### The task
Skipping each picture, output the entries exactly as they stand below.

--- Records for this task Enclosed Below ---

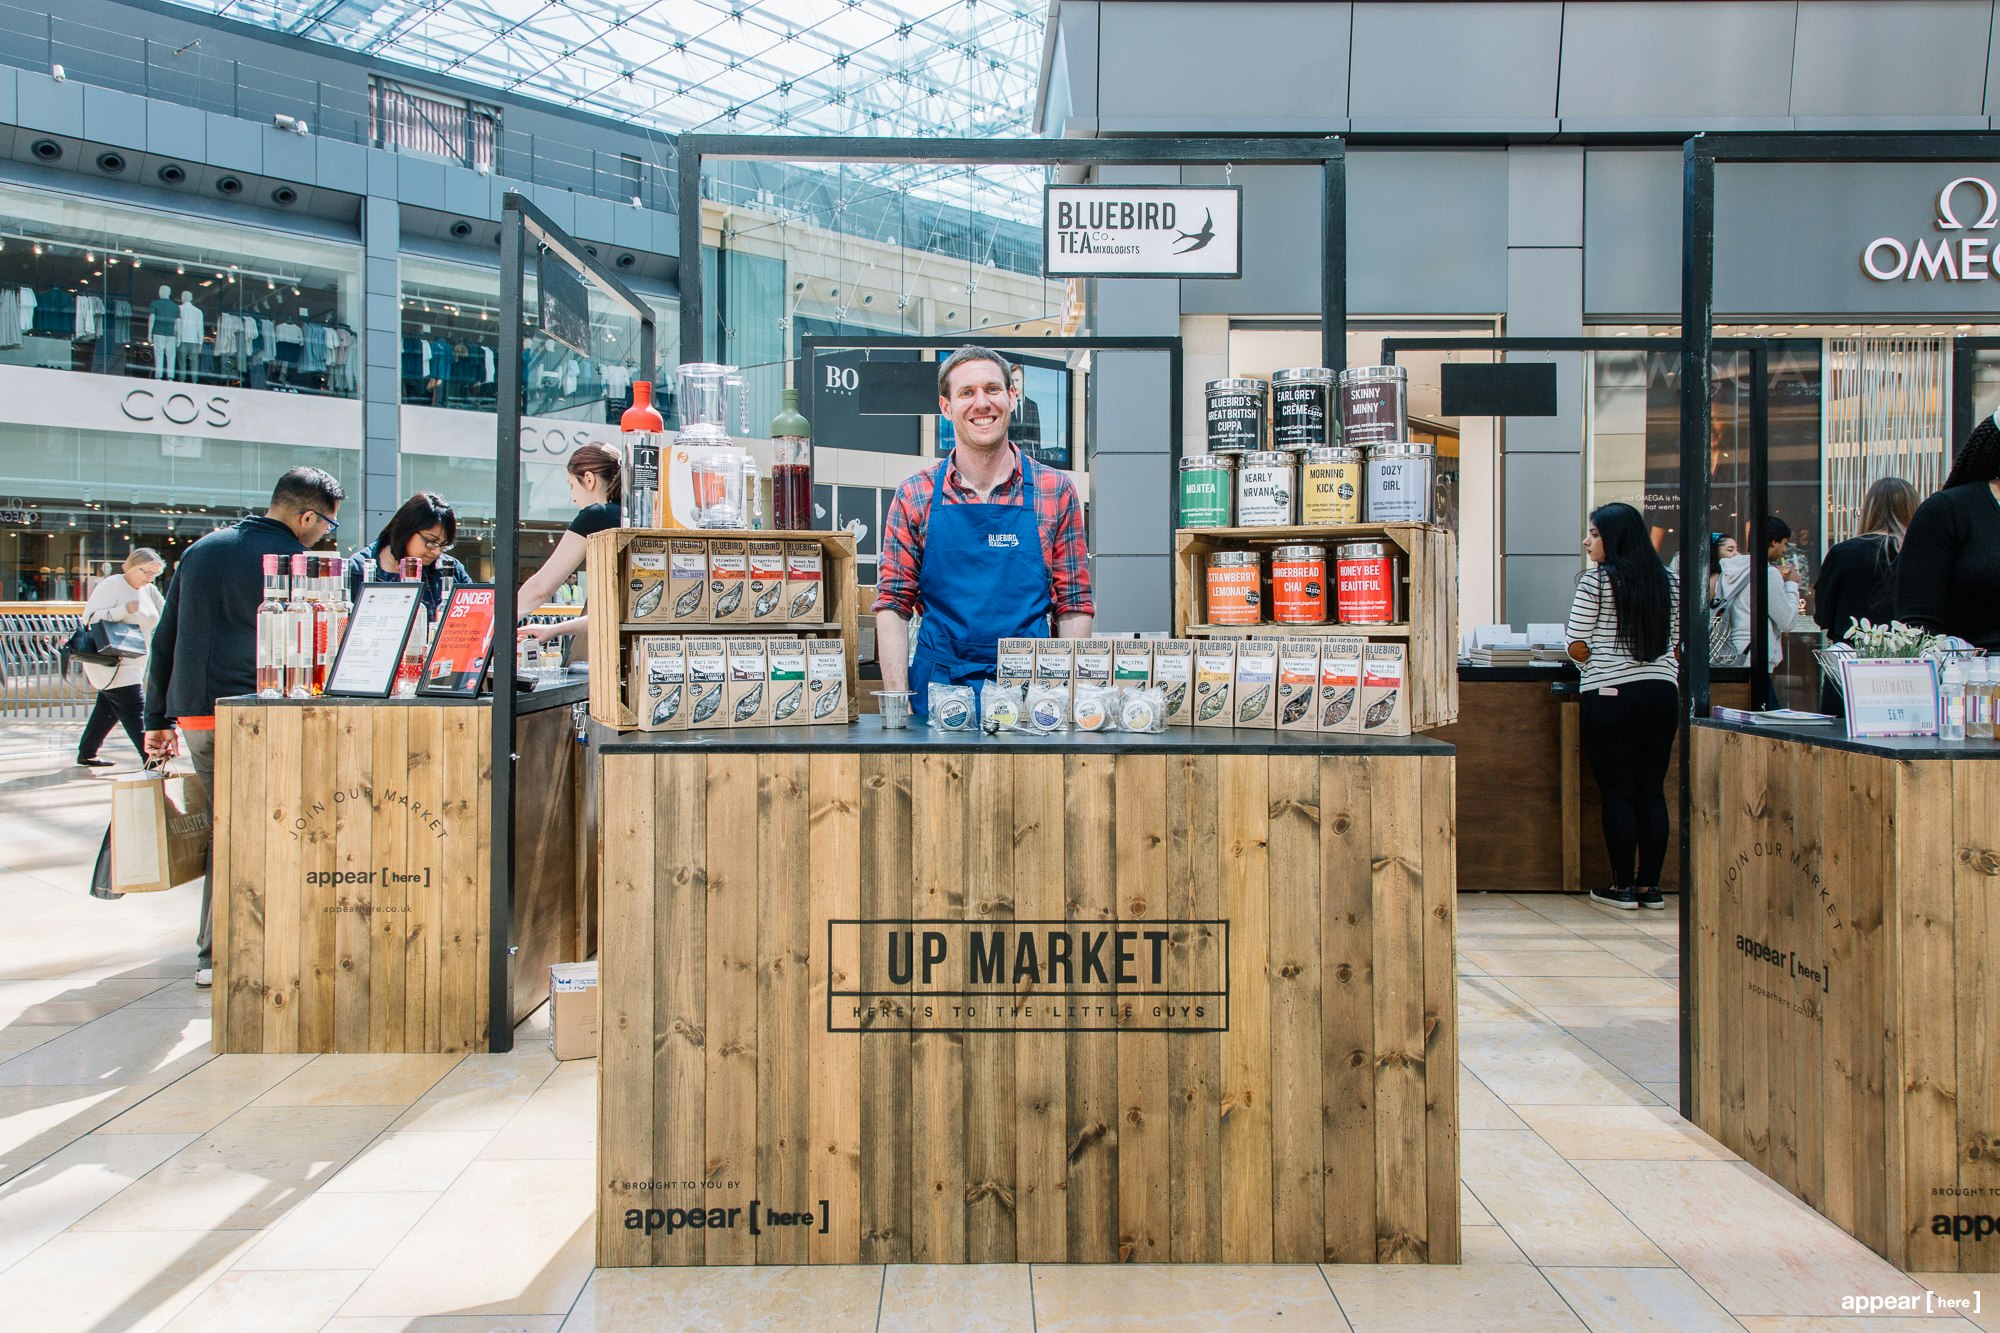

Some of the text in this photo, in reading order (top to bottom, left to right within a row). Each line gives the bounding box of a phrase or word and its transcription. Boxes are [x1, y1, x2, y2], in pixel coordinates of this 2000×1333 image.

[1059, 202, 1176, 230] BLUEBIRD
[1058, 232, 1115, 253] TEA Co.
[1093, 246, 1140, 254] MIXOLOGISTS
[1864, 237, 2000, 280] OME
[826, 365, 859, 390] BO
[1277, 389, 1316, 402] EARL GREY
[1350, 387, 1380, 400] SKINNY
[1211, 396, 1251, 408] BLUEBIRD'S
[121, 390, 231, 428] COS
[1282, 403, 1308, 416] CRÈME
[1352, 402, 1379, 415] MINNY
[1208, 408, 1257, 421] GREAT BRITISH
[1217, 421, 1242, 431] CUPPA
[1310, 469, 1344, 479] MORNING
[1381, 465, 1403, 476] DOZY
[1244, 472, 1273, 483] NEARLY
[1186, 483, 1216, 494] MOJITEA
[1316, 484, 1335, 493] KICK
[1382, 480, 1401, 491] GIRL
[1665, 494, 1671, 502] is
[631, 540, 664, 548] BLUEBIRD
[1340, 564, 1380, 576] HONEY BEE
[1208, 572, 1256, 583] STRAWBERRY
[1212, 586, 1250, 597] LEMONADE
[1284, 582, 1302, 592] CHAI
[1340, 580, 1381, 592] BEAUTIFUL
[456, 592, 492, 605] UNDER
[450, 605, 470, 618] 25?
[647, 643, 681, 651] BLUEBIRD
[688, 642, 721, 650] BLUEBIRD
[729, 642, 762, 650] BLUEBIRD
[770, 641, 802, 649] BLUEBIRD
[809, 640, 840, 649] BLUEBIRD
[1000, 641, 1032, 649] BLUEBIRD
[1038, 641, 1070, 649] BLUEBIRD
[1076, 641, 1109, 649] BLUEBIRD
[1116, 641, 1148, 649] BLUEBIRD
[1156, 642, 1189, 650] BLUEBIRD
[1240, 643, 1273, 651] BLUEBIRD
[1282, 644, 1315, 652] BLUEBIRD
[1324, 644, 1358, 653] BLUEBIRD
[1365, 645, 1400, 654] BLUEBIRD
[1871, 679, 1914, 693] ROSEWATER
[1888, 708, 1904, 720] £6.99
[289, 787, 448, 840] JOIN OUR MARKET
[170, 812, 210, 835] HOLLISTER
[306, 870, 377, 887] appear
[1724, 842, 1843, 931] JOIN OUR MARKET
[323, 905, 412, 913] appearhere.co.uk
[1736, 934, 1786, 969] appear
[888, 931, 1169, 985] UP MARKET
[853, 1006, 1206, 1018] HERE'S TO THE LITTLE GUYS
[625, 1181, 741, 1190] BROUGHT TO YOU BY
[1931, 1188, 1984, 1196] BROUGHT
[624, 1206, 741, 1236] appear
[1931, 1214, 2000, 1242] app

--- End of Enclosed Records for this task ---

### Answer to the exercise
Some of the text in this photo, in reading order (top to bottom, left to right within a row). Each line gives the bounding box of a phrase or word and its transcription. Boxes are [x1, y1, x2, y2], in pixel coordinates of this 2000×1333 image.

[1059, 202, 1176, 230] BLUEBIRD
[1058, 232, 1115, 253] TEA Co.
[1093, 246, 1140, 254] MIXOLOGISTS
[1864, 237, 2000, 280] OME
[826, 365, 859, 390] BO
[1277, 389, 1316, 402] EARL GREY
[1350, 387, 1380, 400] SKINNY
[1211, 396, 1251, 408] BLUEBIRD'S
[121, 390, 231, 428] COS
[1282, 403, 1308, 416] CRÈME
[1352, 402, 1379, 415] MINNY
[1208, 408, 1257, 421] GREAT BRITISH
[1217, 421, 1242, 431] CUPPA
[1310, 469, 1344, 479] MORNING
[1381, 465, 1403, 476] DOZY
[1244, 472, 1273, 483] NEARLY
[1186, 483, 1216, 494] MOJITEA
[1316, 484, 1335, 493] KICK
[1382, 480, 1401, 491] GIRL
[1665, 494, 1671, 502] is
[631, 540, 664, 548] BLUEBIRD
[1340, 564, 1380, 576] HONEY BEE
[1208, 572, 1256, 583] STRAWBERRY
[1212, 586, 1250, 597] LEMONADE
[1284, 582, 1302, 592] CHAI
[1340, 580, 1381, 592] BEAUTIFUL
[456, 592, 492, 605] UNDER
[450, 605, 470, 618] 25?
[647, 643, 681, 651] BLUEBIRD
[688, 642, 721, 650] BLUEBIRD
[729, 642, 762, 650] BLUEBIRD
[770, 641, 802, 649] BLUEBIRD
[809, 640, 840, 649] BLUEBIRD
[1000, 641, 1032, 649] BLUEBIRD
[1038, 641, 1070, 649] BLUEBIRD
[1076, 641, 1109, 649] BLUEBIRD
[1116, 641, 1148, 649] BLUEBIRD
[1156, 642, 1189, 650] BLUEBIRD
[1240, 643, 1273, 651] BLUEBIRD
[1282, 644, 1315, 652] BLUEBIRD
[1324, 644, 1358, 653] BLUEBIRD
[1365, 645, 1400, 654] BLUEBIRD
[1871, 679, 1914, 693] ROSEWATER
[1888, 708, 1904, 720] £6.99
[289, 787, 448, 840] JOIN OUR MARKET
[170, 812, 210, 835] HOLLISTER
[306, 870, 377, 887] appear
[1724, 842, 1843, 931] JOIN OUR MARKET
[323, 905, 412, 913] appearhere.co.uk
[1736, 934, 1786, 969] appear
[888, 931, 1169, 985] UP MARKET
[853, 1006, 1206, 1018] HERE'S TO THE LITTLE GUYS
[625, 1181, 741, 1190] BROUGHT TO YOU BY
[1931, 1188, 1984, 1196] BROUGHT
[624, 1206, 741, 1236] appear
[1931, 1214, 2000, 1242] app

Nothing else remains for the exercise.